FTC: Violent content still marketed to kids

The video game industry is doing a better job at keeping young kids away from violent and other inappropriate content than the music and movie businesses, according to a new report by the Federal Trade Commission (FTC). But all three industries could improve their self-regulation, the report said, especially when it comes to new technologies such as mobile games and viral online marketing.

The report, which reviews the marketing of violent entertainment to children, also found that movie studios intentionally market PG-13 movies to kids under 13.

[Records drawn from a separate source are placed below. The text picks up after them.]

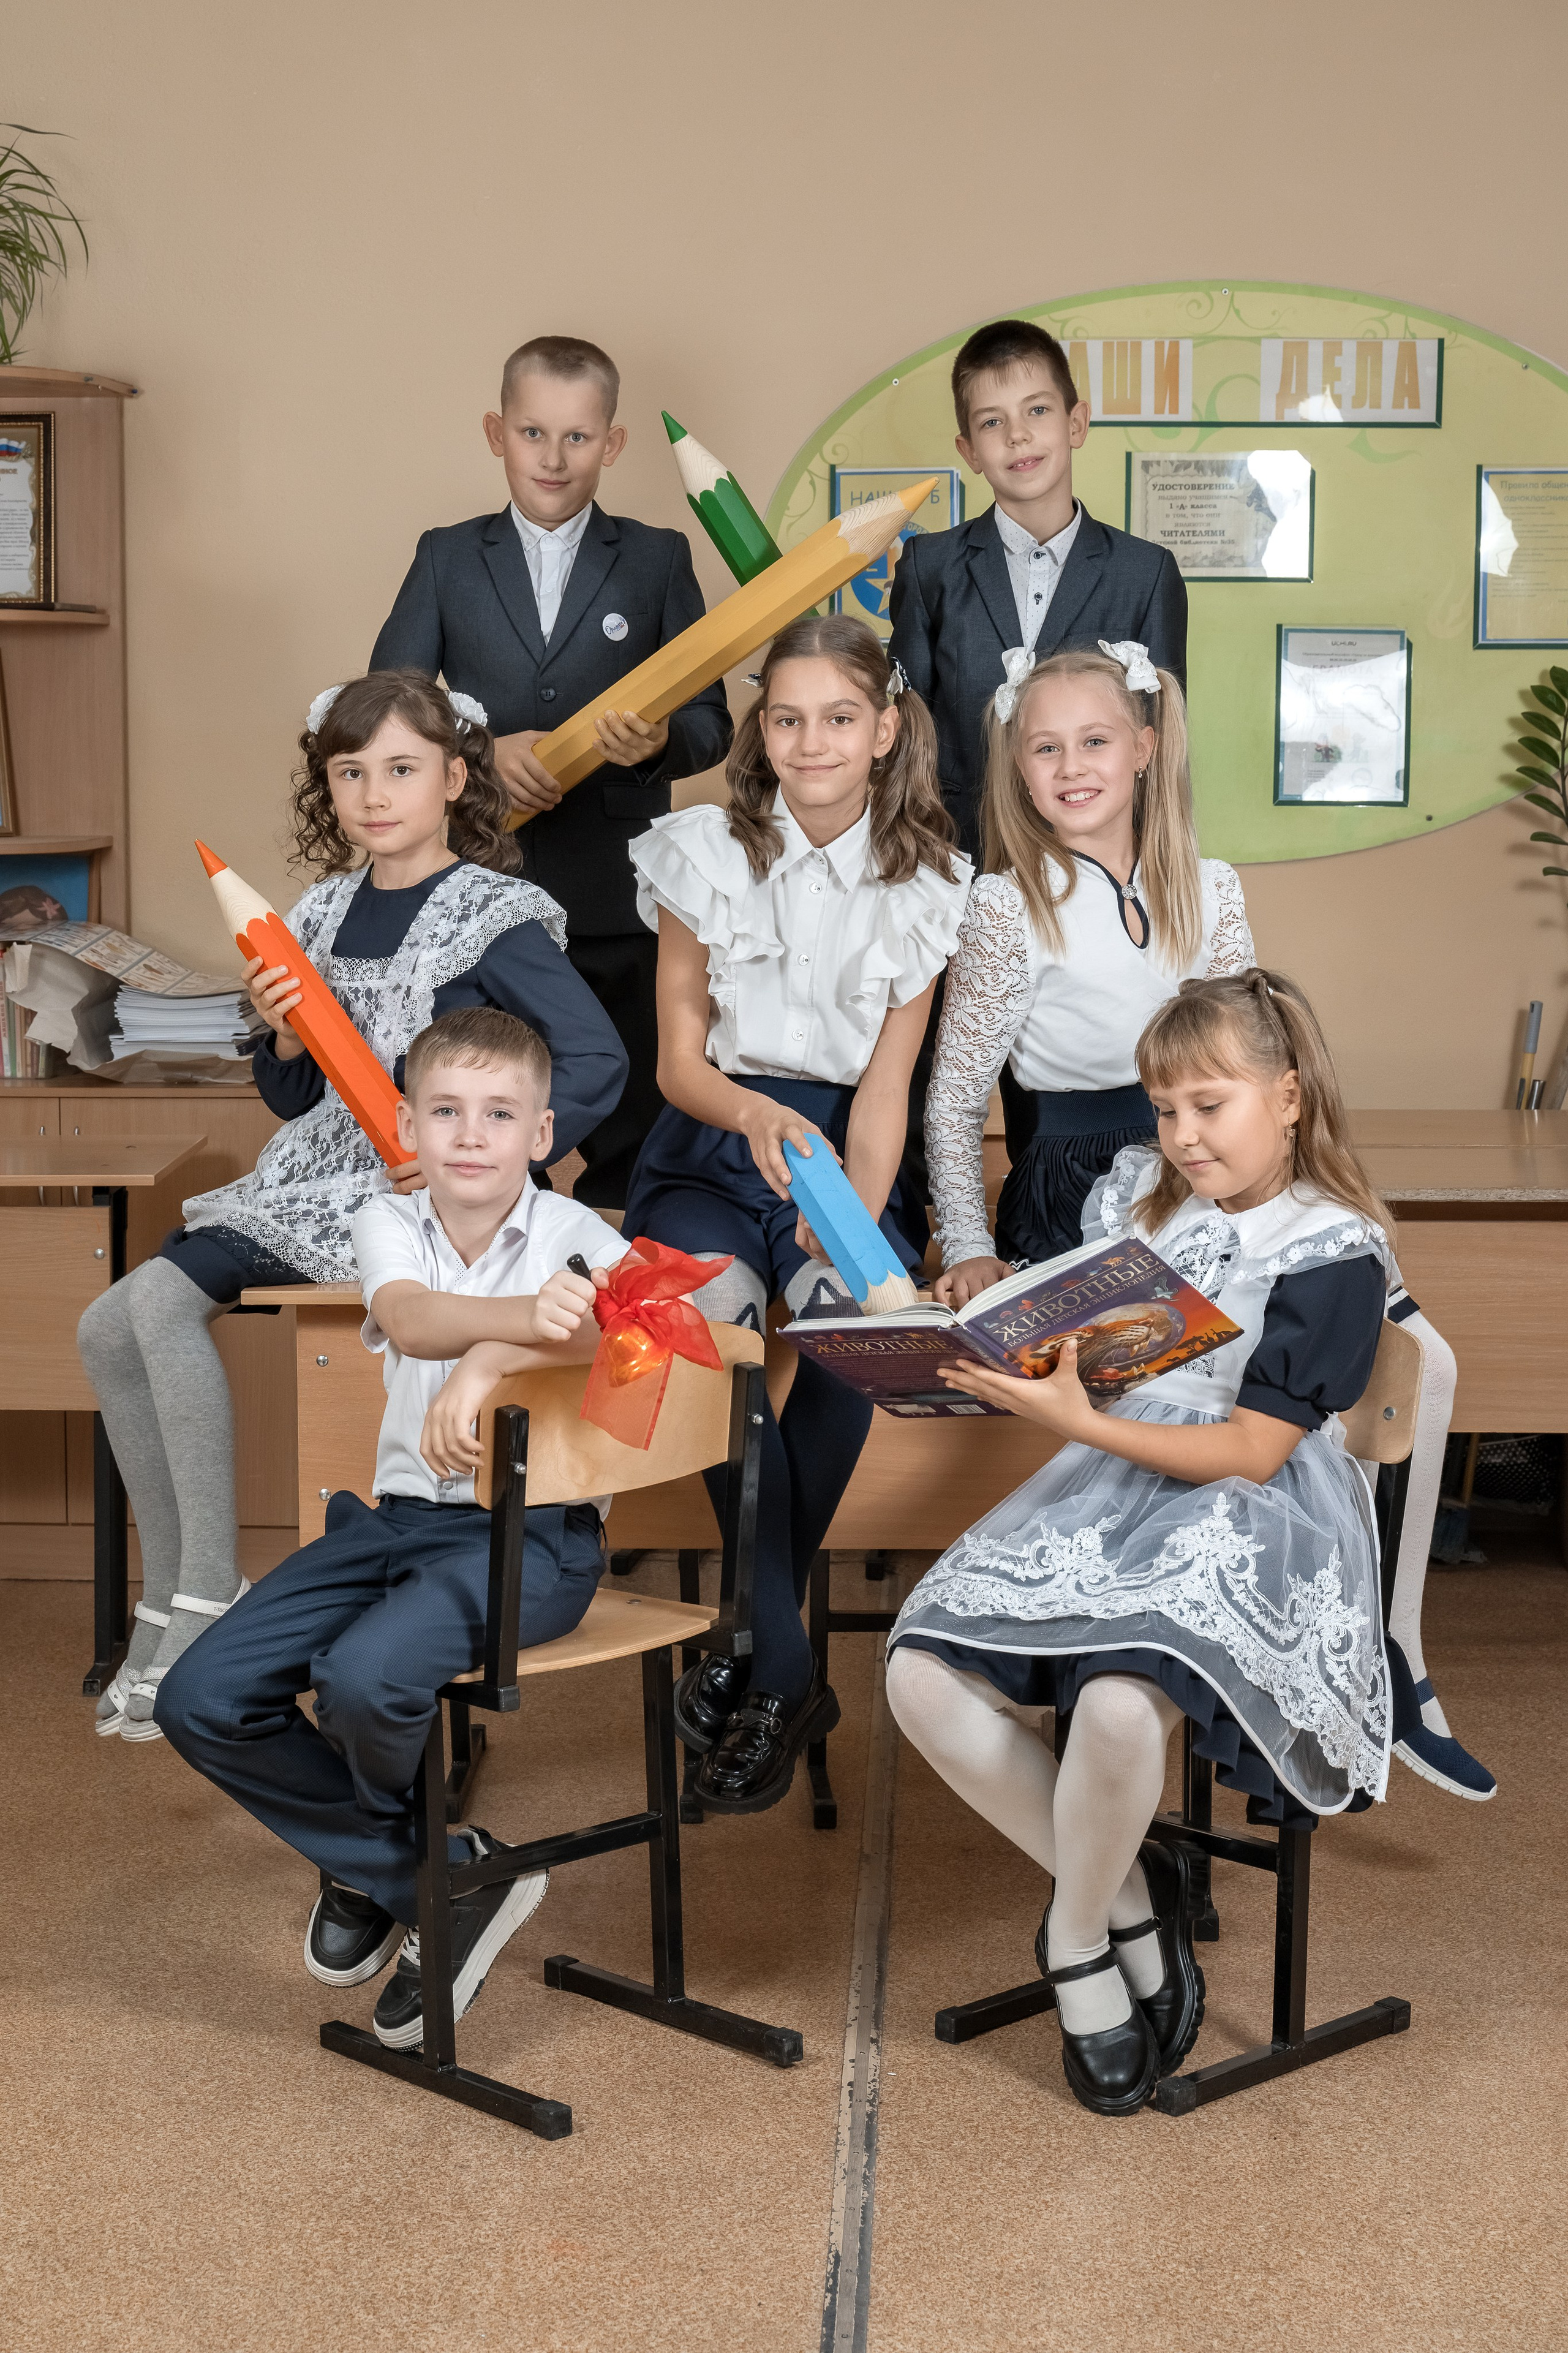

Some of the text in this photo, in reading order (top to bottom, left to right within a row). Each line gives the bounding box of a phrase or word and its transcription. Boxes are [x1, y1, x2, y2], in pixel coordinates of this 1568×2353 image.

[1069, 341, 1420, 420] АШИ ДЕЛА
[993, 1253, 1160, 1343] ЖИВОТНЫЕ
[1008, 1264, 1166, 1348] БОЛЬШАЯ ДЕТСКАЯ ЭНЦИКЛОПЕДИЯ
[816, 1340, 953, 1354] ЖИВОТНЫЕ
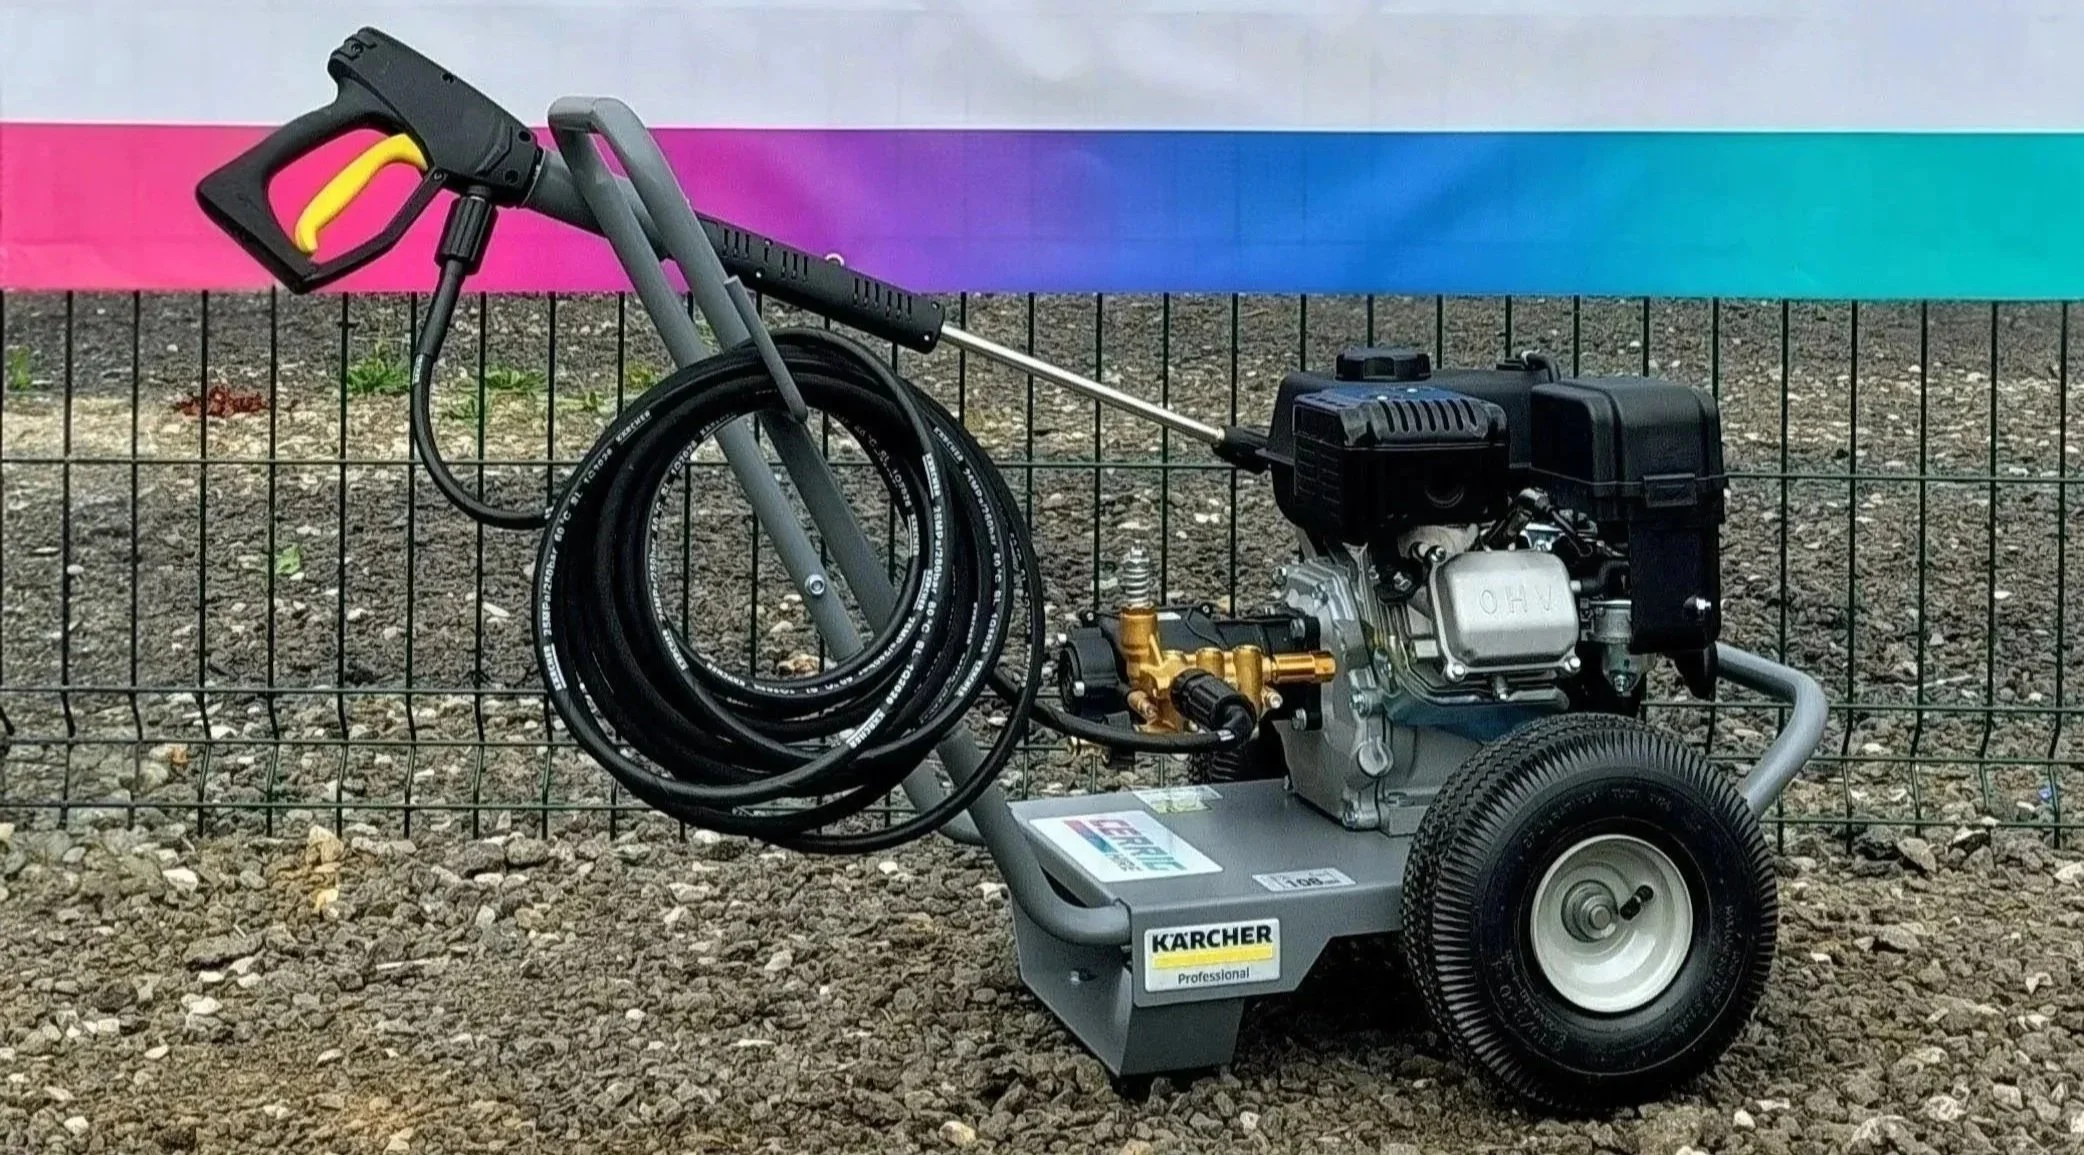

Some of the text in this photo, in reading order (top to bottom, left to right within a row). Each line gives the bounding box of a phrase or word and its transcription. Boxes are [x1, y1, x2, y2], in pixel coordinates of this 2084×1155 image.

[1480, 584, 1551, 615] OHV
[1152, 924, 1273, 953] KÄRCHER
[1178, 967, 1250, 985] Professional
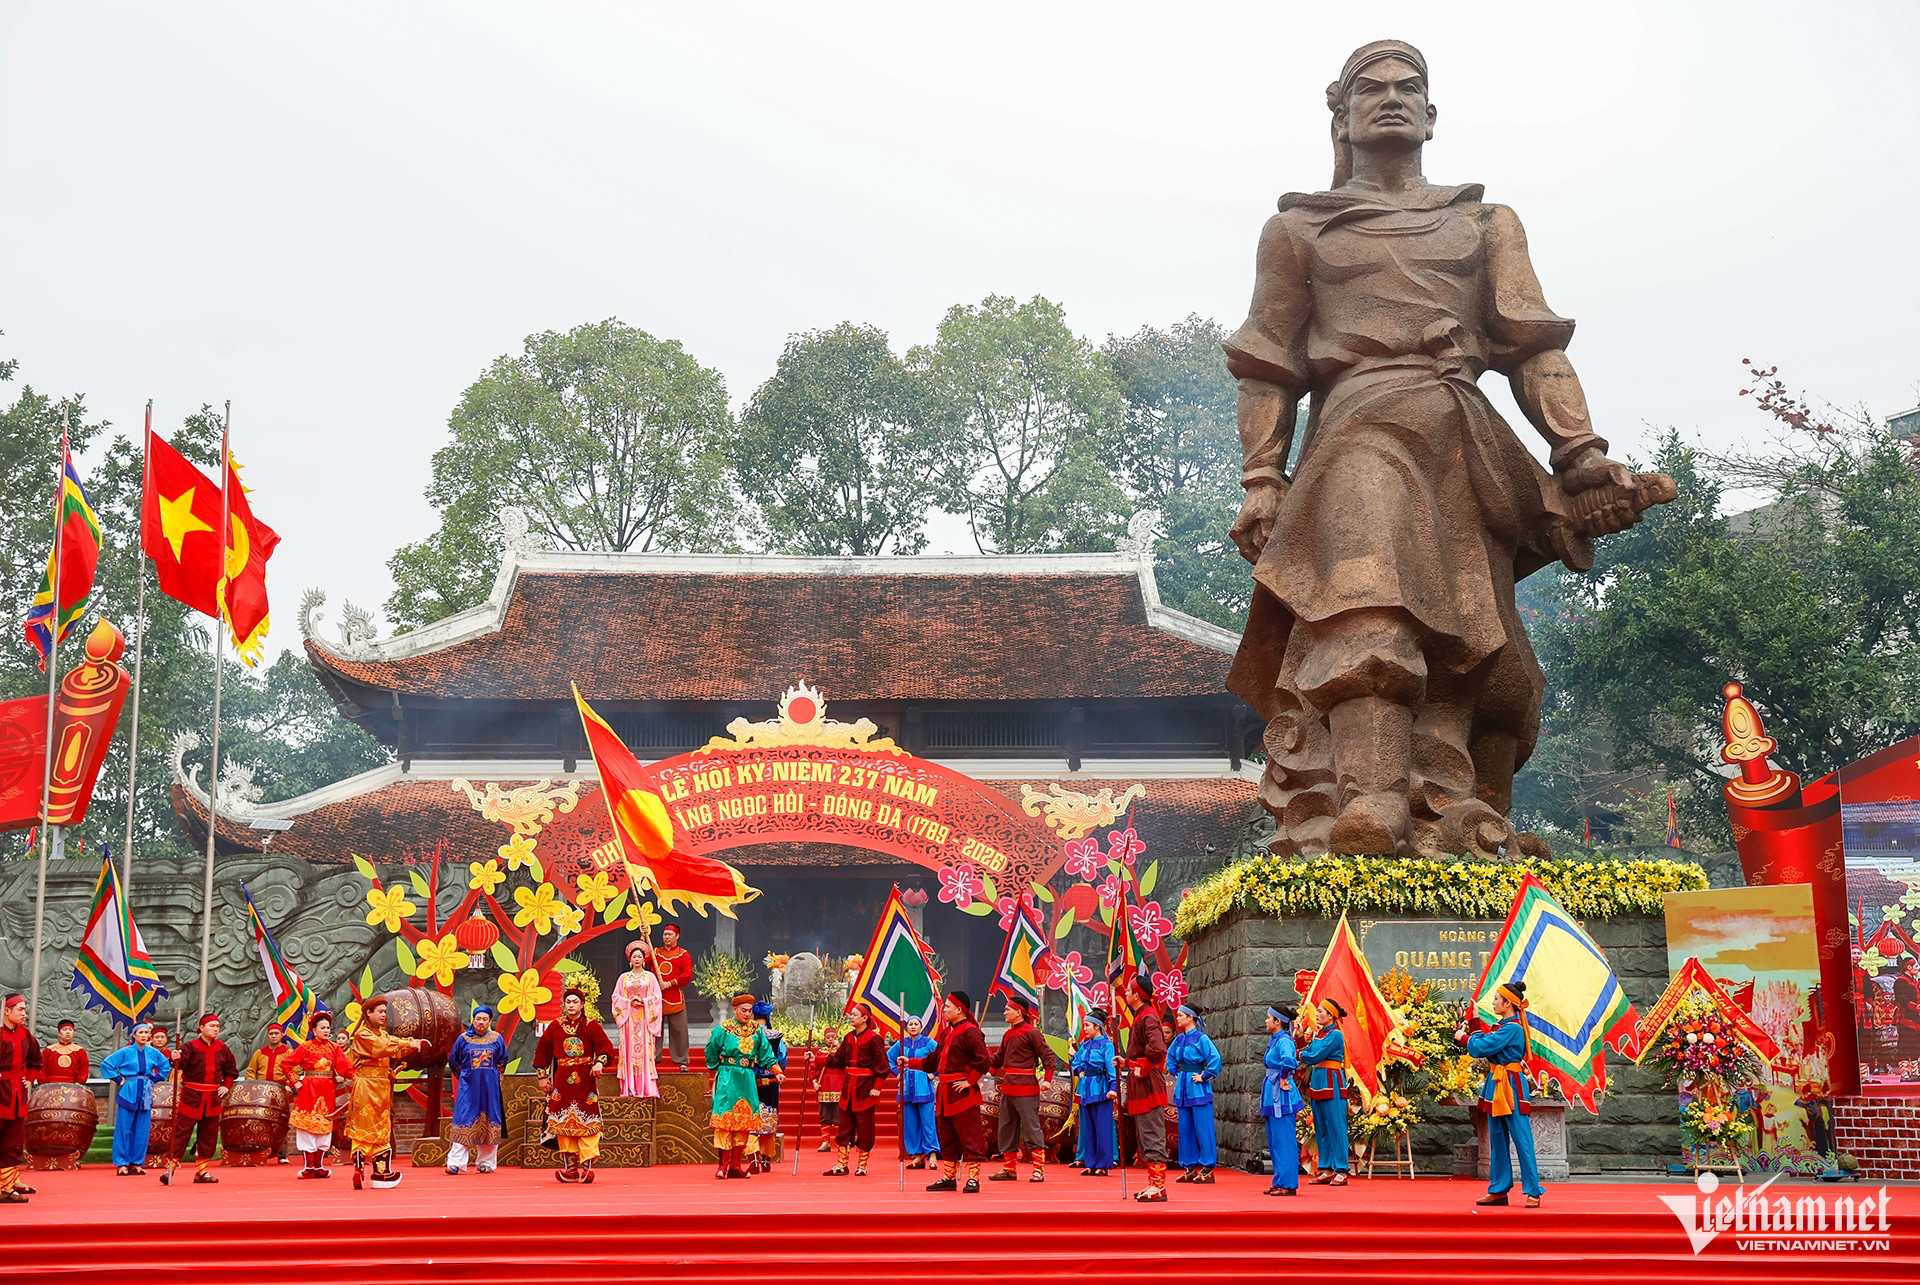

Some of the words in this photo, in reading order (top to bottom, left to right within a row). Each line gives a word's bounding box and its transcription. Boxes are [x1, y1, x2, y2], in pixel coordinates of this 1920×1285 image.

[660, 772, 690, 803] LỄ
[692, 767, 732, 793] HỘI
[736, 758, 765, 785] KỶ
[772, 758, 833, 785] NIỆM
[838, 765, 880, 790] 237
[882, 775, 938, 808] NĂM
[717, 794, 767, 821] NGỌC
[773, 788, 804, 814] HỒI
[822, 792, 873, 821] ĐỐNG
[876, 804, 902, 829] ĐA
[906, 814, 950, 845] (1789
[960, 837, 1007, 873] 2026)
[1439, 927, 1487, 943] HOÀNG
[1489, 928, 1503, 943] Đ
[1395, 951, 1473, 972] QUANG
[1425, 973, 1480, 993] NGUYỄ

Unrated DVDs pose another challenge, because stores often sell such versions of films that were rated R or PG-13 in theaters. Nearly six out of 10 parents surveyed didn’t know that unrated DVDs can contain additional adult or explicit content that wasn’t in the film’s original cut.

This was the FTC’s seventh such report to Congress since 2000, and each found that the movie and game industries made progress in restricting the marketing of products intended for grown-ups to children. The music industry, however, "had not significantly changed its marketing practices since the Commission’s initial report," the FTC said.

The report did find that fewer kids are able to skirt age restrictions than just a few years ago. To see if retailers and movie theaters are enforcing age limits, the commission sent 13- to 16-year-old "mystery shoppers" to see movies and buy DVDs, video games, or music not intended for their age group.

On average, 20 percent of them were able to buy video games rated M (for Mature) when unaccompanied by a parent. This is down from 42 percent in 2006, the latest available figure.

In contrast, 72 percent of the kids were able to buy music CDs with explicit content warnings, compared with 76 percent in 2006. More than half of them were sold R-rated movie DVDs, down from 71 percent three years ago.

Movie theaters are also checking IDs more: Only 28 percent of the teens could buy tickets for R-rated movies, down from 39 percent in 2006.

While the average denial rate for M-rated video games was 80 percent overall, the report found that retailer Toys ‘R’ Us lags in enforcement, with only a 56-percent denial rate to the underage mystery shoppers. The report also noted that "use of gift cards to buy games online … represents one potential gap in enforcement against underage purchase."

The proliferation of gaming applications available for mobile devices, coupled with the fact that most wireless carriers and content providers do not rate these applications with the Entertainment Software Rating Board (ESRB) system, is also cause for concern, the report said.

"Age-based parental controls on what games can be downloaded to mobile devices [could] offer another tool for restricting children’s access to mature content," it recommended.